Self talk is inner speech—the conversations and mostly coaching we do with ourselves. Inner speech is good, it is necessary, it is required. Self-talk supports both learning and action. As much as we can sometimes hate the voice in our heads, without it we would be handicapped: people who lack the capacity for inner speech have severe learning and memory difficulties and they often lack the capacity to control their behavior. Inner speech helps us learn through the repetition of instruction, and it supports action through the narration of what we need to do—it helps us anticipate, plan and complete.

But one crucial thing to understand about inner speech is that all inner speech, all self talk started out as ‘other talk.’  Lev Vygotsky, a Soviet developmental psychologist, stated, “We could say that the relations between higher mental function were at one time real relations between people” “I relate to myself in the same way people related to me.” We learned to speak to ourselves through the language of others, through the tone of others, across our lifespan. Our early caregivers laid the first tracks, and then other important voices were added to the internal chorus. The ability to take in the voices of others makes us adaptive as a species—in one generation we can shift the learning if we need to, and it also makes us better at living in communities—we literally have a community voice to help us navigate the norms and rules within groups.
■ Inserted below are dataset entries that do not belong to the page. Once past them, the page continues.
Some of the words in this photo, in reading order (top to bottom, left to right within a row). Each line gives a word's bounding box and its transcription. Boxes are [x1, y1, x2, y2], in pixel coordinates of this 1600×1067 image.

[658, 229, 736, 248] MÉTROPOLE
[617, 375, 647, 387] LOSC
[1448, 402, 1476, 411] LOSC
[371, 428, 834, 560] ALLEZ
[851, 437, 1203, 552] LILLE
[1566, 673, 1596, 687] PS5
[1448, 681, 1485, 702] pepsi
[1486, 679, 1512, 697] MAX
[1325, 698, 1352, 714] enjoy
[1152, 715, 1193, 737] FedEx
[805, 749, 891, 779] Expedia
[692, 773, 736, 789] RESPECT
Your own inner speech will be the most frequent voice you will ever hear in your life. It began as outward speech around 3 years old and moved to a silent inner speech by 7. And it has been a constant presence ever since. The question is: Is it serving you? Serving your learning? Serving your healing? Serving you in your relationships and your work? Because once you are in your adulthood—your inner speech becomes yours to edit and revise.

By far the best parenting book in the world is How to Talk so Your Kids Will Listen and Listen so Your Kids Will Talk by Faber and Mazlish. It is the THE primer on how to emotionally coach your child with empathy and help both of you communicate effectively. I have assigned it to every counseling and psychology class I have ever taught because I don’t think anyone has ever written a better primer on how to effectively listen and talk with empathy. And if I were going to write a primer on self-talk I would start with the rules in this book. Listen with full attention, acknowledge the feelings with a word, and give the feeling a name.
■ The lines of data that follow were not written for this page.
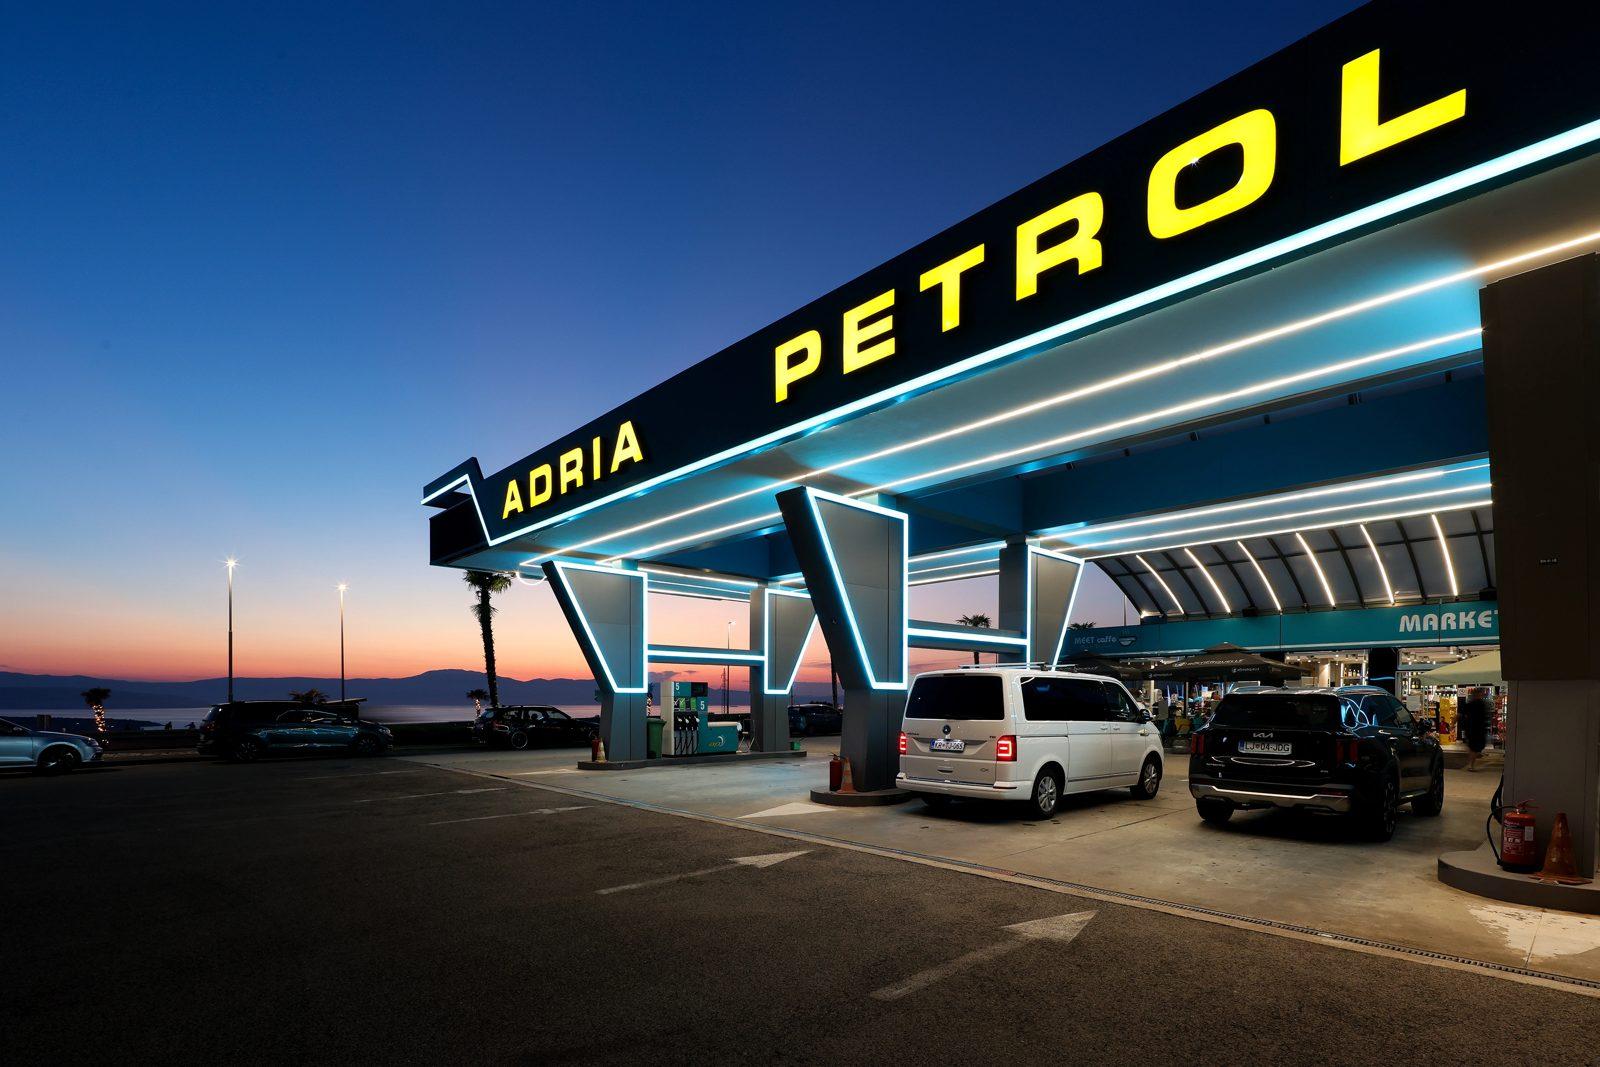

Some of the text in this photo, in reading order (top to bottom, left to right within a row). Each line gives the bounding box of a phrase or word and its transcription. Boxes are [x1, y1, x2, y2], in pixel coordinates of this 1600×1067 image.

[502, 47, 1467, 520] ADRIA PETROL
[1399, 609, 1499, 633] MARKE
[1074, 636, 1094, 645] MEET
[675, 682, 680, 691] 5
[700, 700, 705, 710] 5
Most people do not complain about their self talk being ‘too nice.’ Most people talk about their self talk being a mean voice, a judgmental voice, an oppressive voice. But I have often found that people are reluctant to get rid of this voice because they fear that without it they wouldn’t get anything done. And to this I say—it’s time to train your inner voice to be an effective coach, rather than a cruel coach. Cruelty is a short term strategy. It can be effective in a crisis, but over the long term it loses effectiveness and we get good at tuning it out. We think the antidote is to be nice but it is not. The antidote is to be effective, parental in the best sense of that word, a good coach.
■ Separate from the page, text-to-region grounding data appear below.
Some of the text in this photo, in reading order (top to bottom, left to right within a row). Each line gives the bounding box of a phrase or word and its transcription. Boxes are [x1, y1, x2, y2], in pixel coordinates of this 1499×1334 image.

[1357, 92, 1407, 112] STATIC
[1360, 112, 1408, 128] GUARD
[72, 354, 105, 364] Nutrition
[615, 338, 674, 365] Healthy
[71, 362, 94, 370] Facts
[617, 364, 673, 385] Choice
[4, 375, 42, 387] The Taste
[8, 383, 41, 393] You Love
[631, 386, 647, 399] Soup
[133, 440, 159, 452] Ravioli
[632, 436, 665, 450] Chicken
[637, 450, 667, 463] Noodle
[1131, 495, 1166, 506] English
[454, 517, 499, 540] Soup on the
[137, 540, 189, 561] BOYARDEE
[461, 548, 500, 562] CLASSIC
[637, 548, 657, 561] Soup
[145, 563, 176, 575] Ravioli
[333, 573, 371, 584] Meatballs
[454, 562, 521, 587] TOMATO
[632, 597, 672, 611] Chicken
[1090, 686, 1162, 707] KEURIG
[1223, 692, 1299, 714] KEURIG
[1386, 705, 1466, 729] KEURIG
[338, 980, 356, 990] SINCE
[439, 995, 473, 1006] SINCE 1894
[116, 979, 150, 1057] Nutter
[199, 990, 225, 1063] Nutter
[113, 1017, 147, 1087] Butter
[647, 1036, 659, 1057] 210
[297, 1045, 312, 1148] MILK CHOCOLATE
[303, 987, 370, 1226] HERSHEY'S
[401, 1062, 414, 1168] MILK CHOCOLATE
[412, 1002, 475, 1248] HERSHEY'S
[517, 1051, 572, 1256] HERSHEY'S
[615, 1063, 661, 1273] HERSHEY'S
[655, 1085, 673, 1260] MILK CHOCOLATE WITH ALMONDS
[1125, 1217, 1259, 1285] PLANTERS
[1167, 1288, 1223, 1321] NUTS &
What does this mean? It means being able to see the situation for what it is, and see yourself with all your strengths and foibles and say what needs to be said with kindness and support—without letting you off the hook: Describe what you see, give the information necessary, and use a word or a mantra to do what needs to be done.

Many athletes I have worked with over the years always complained loudly that their negative self-talk was motivating—sort of inner trash talk that got them geared up to be better at their game. And whether it is sport or any other endeavor I have found this one thing to be true: negative self talk can only be motivating if at your core—you don’t really believe it. If you believe at your core that you are bad, or worthless, or lazy—then negative self-talk will eventually hit that core and will erode your performance. I have watched Olympic Gold Medalists stop in their tracks with their own negative self talk. If you don’t have a strong sense of worthiness as Brene Brown calls it, then the negative self talk isn’t a challenge, it’s a pronouncement of what you believe to be your dark truth.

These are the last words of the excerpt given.